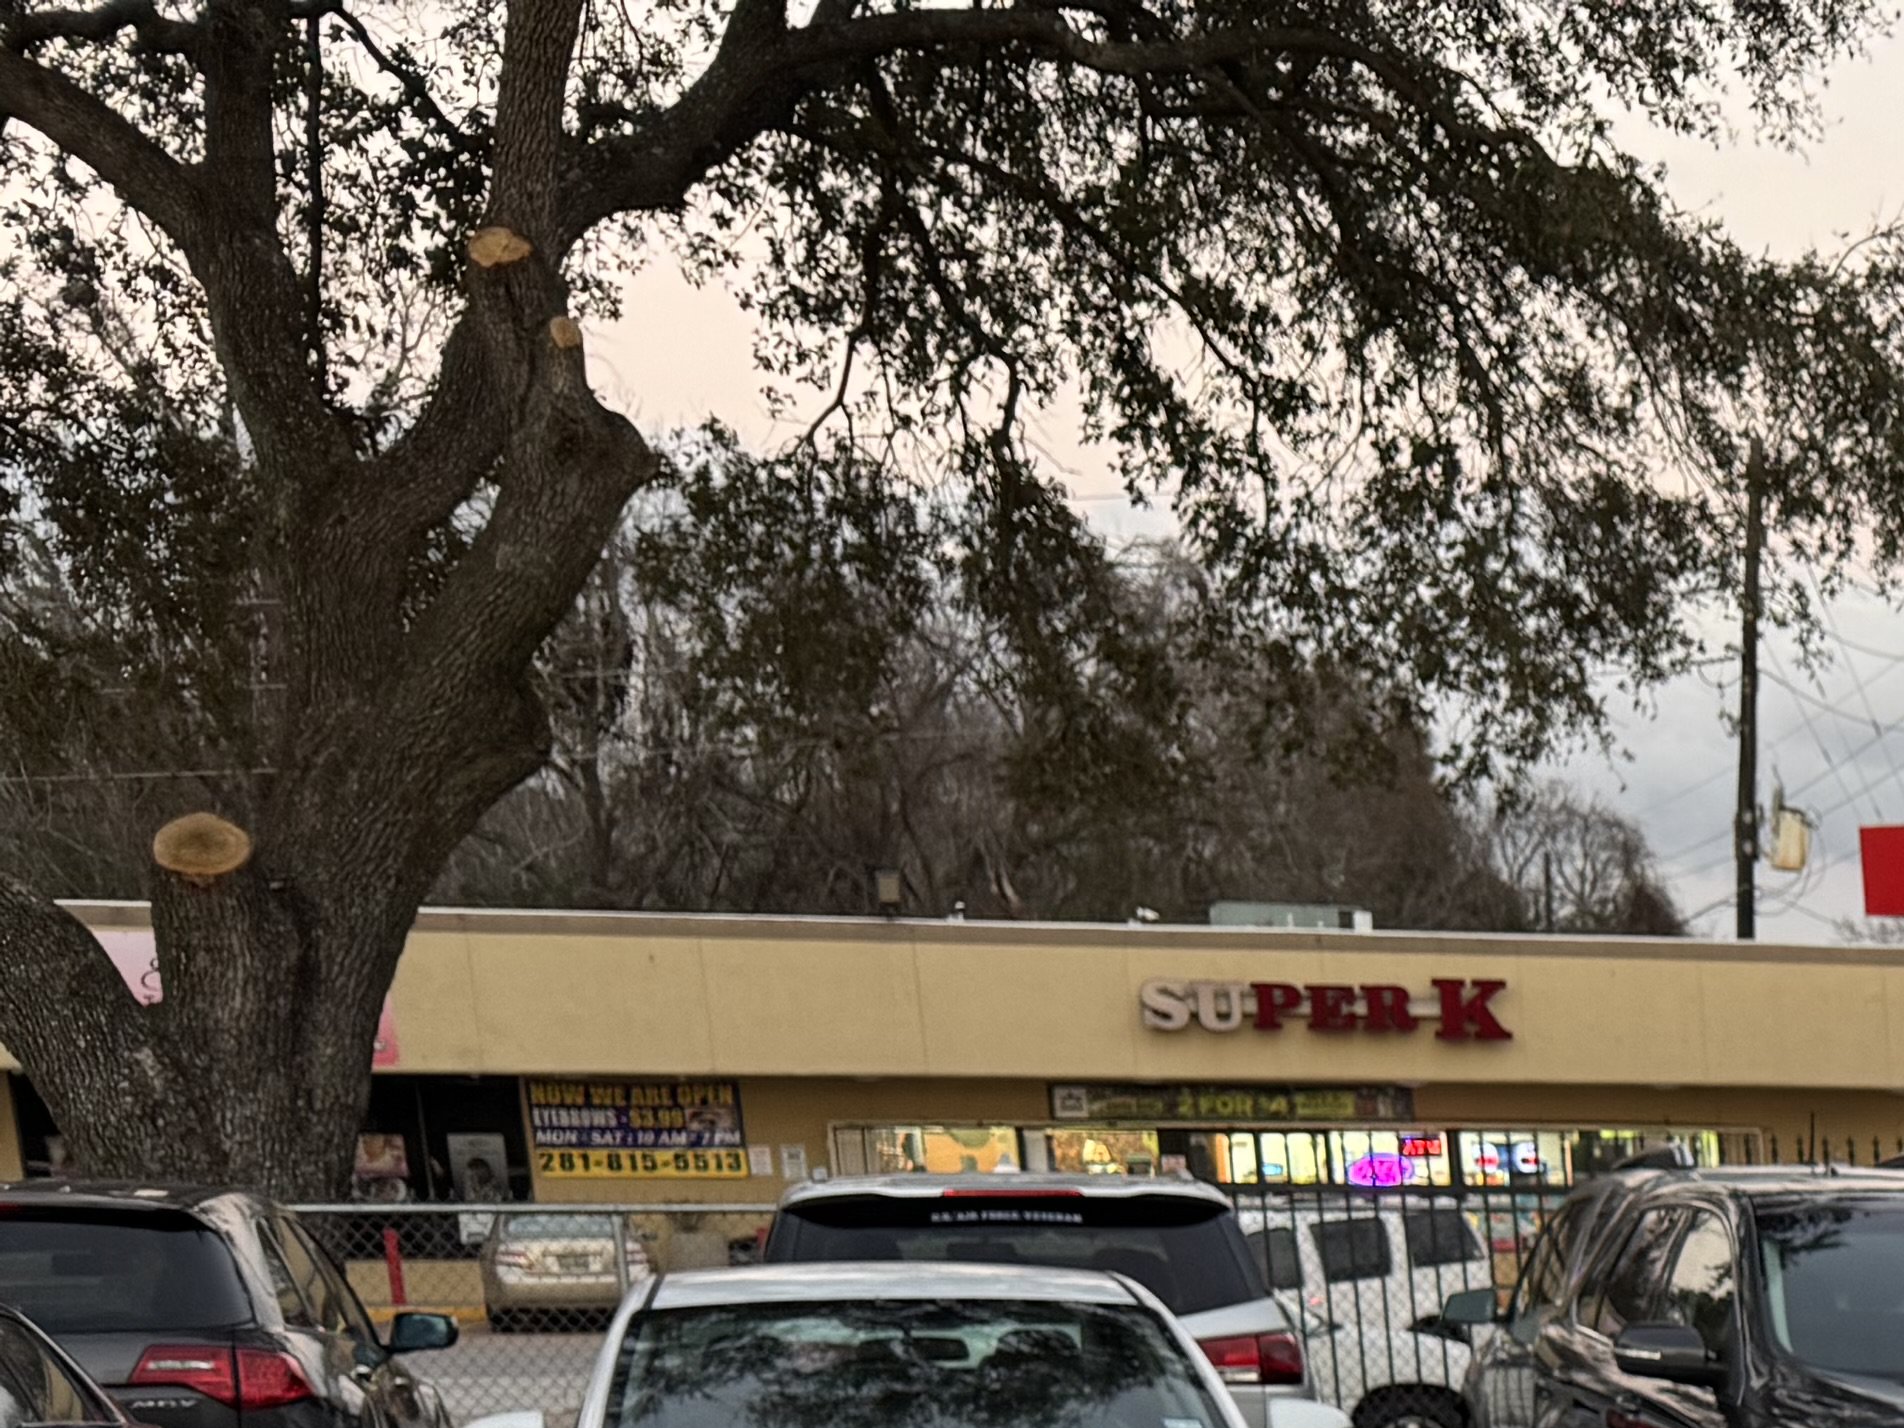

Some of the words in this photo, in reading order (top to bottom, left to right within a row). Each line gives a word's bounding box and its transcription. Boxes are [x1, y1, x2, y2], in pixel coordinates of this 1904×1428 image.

[1140, 976, 1419, 1031] SUPER
[1431, 978, 1513, 1042] K
[530, 1081, 585, 1105] NOW
[590, 1082, 627, 1106] WE
[631, 1083, 673, 1106] ARE
[677, 1083, 733, 1106] OPEN
[531, 1106, 619, 1128] EYEBROWS
[535, 1128, 579, 1146] MON
[589, 1129, 625, 1146] SAT
[657, 1129, 687, 1146] AM
[714, 1129, 741, 1146] PM
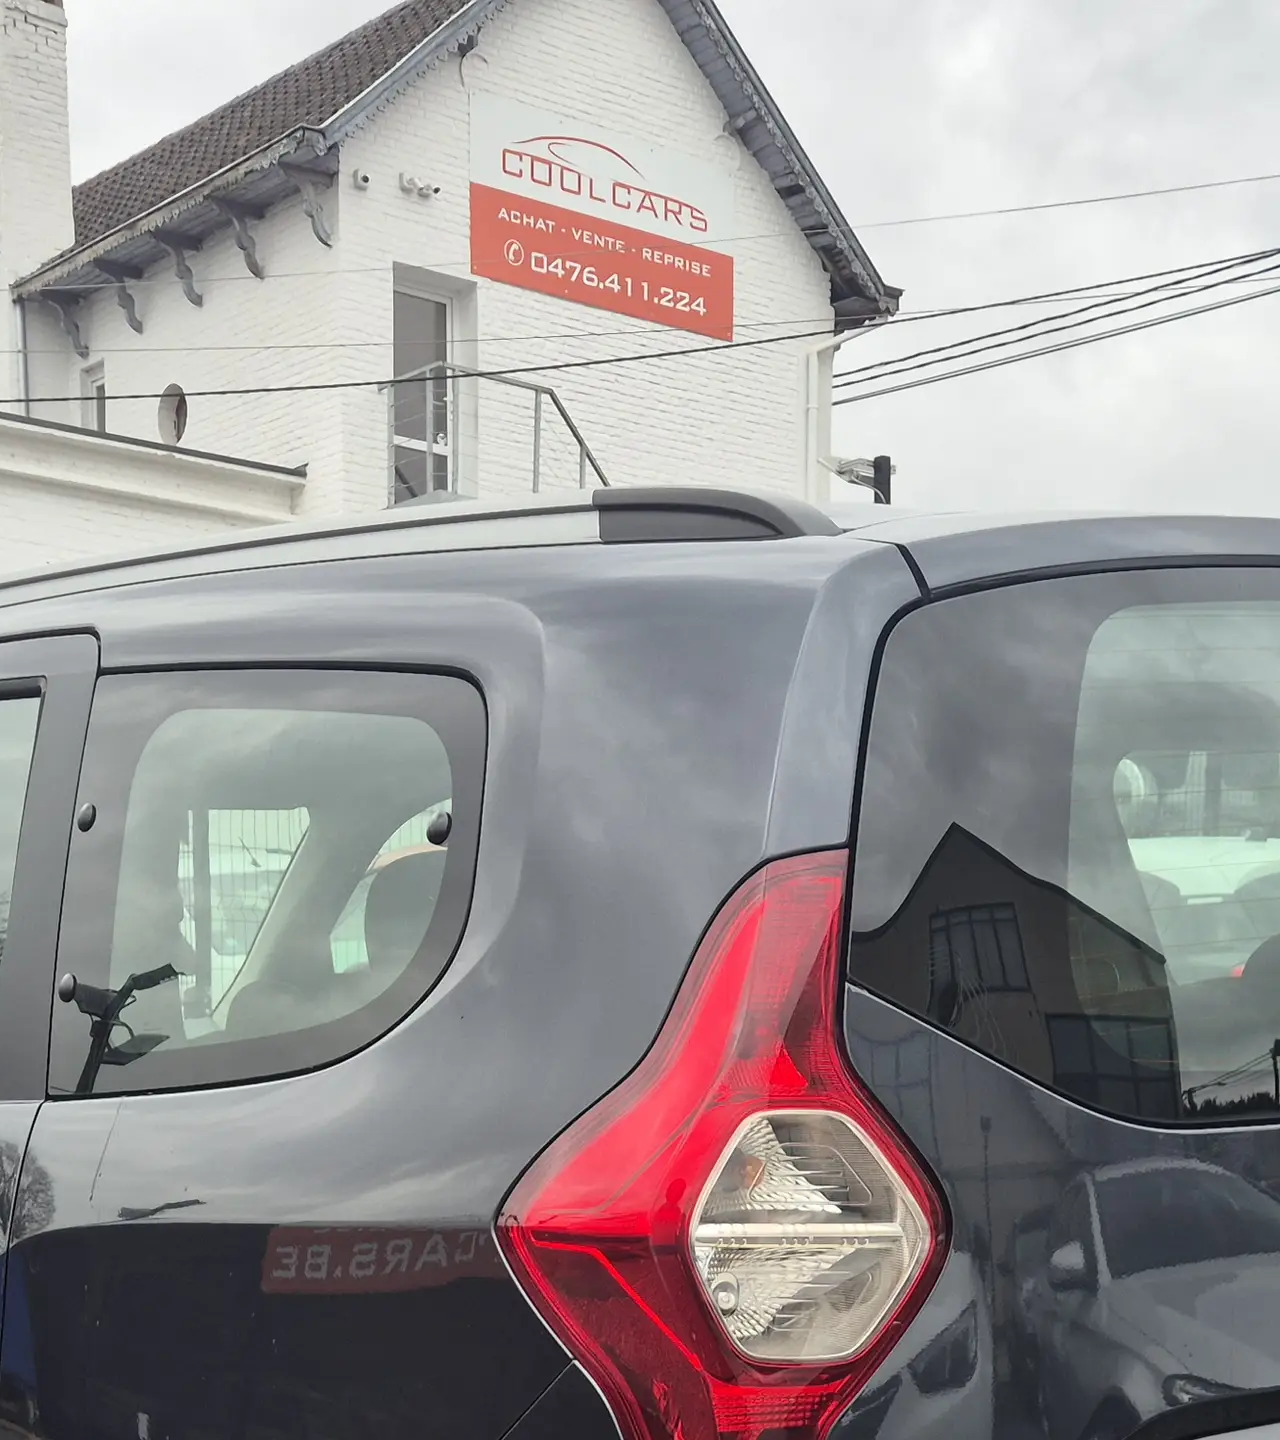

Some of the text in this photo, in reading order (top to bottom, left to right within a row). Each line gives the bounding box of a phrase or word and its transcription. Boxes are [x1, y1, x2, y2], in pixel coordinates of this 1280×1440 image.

[498, 207, 712, 277] ACHAT VENTE REPRISE
[531, 251, 707, 316] 0476.411.224

• • •

**What is expected**
Restate, word for word, all of the material above, leaving out the images.

**Answer section**
Some of the words in this photo, in reading order (top to bottom, left to right within a row). Each line gives a word's bounding box and its transcription. Boxes are [x1, y1, x2, y2], in pixel coordinates of this 1904×1428 image.

[1140, 976, 1419, 1031] SUPER
[1431, 978, 1513, 1042] K
[530, 1081, 585, 1105] NOW
[590, 1082, 627, 1106] WE
[631, 1083, 673, 1106] ARE
[677, 1083, 733, 1106] OPEN
[531, 1106, 619, 1128] EYEBROWS
[535, 1128, 579, 1146] MON
[589, 1129, 625, 1146] SAT
[657, 1129, 687, 1146] AM
[714, 1129, 741, 1146] PM

Some of the text in this photo, in reading order (top to bottom, left to right within a row). Each line gives the bounding box of a phrase or word and its transcription. Boxes are [x1, y1, x2, y2], in pixel coordinates of this 1280×1440 image.

[498, 207, 712, 277] ACHAT VENTE REPRISE
[531, 251, 707, 316] 0476.411.224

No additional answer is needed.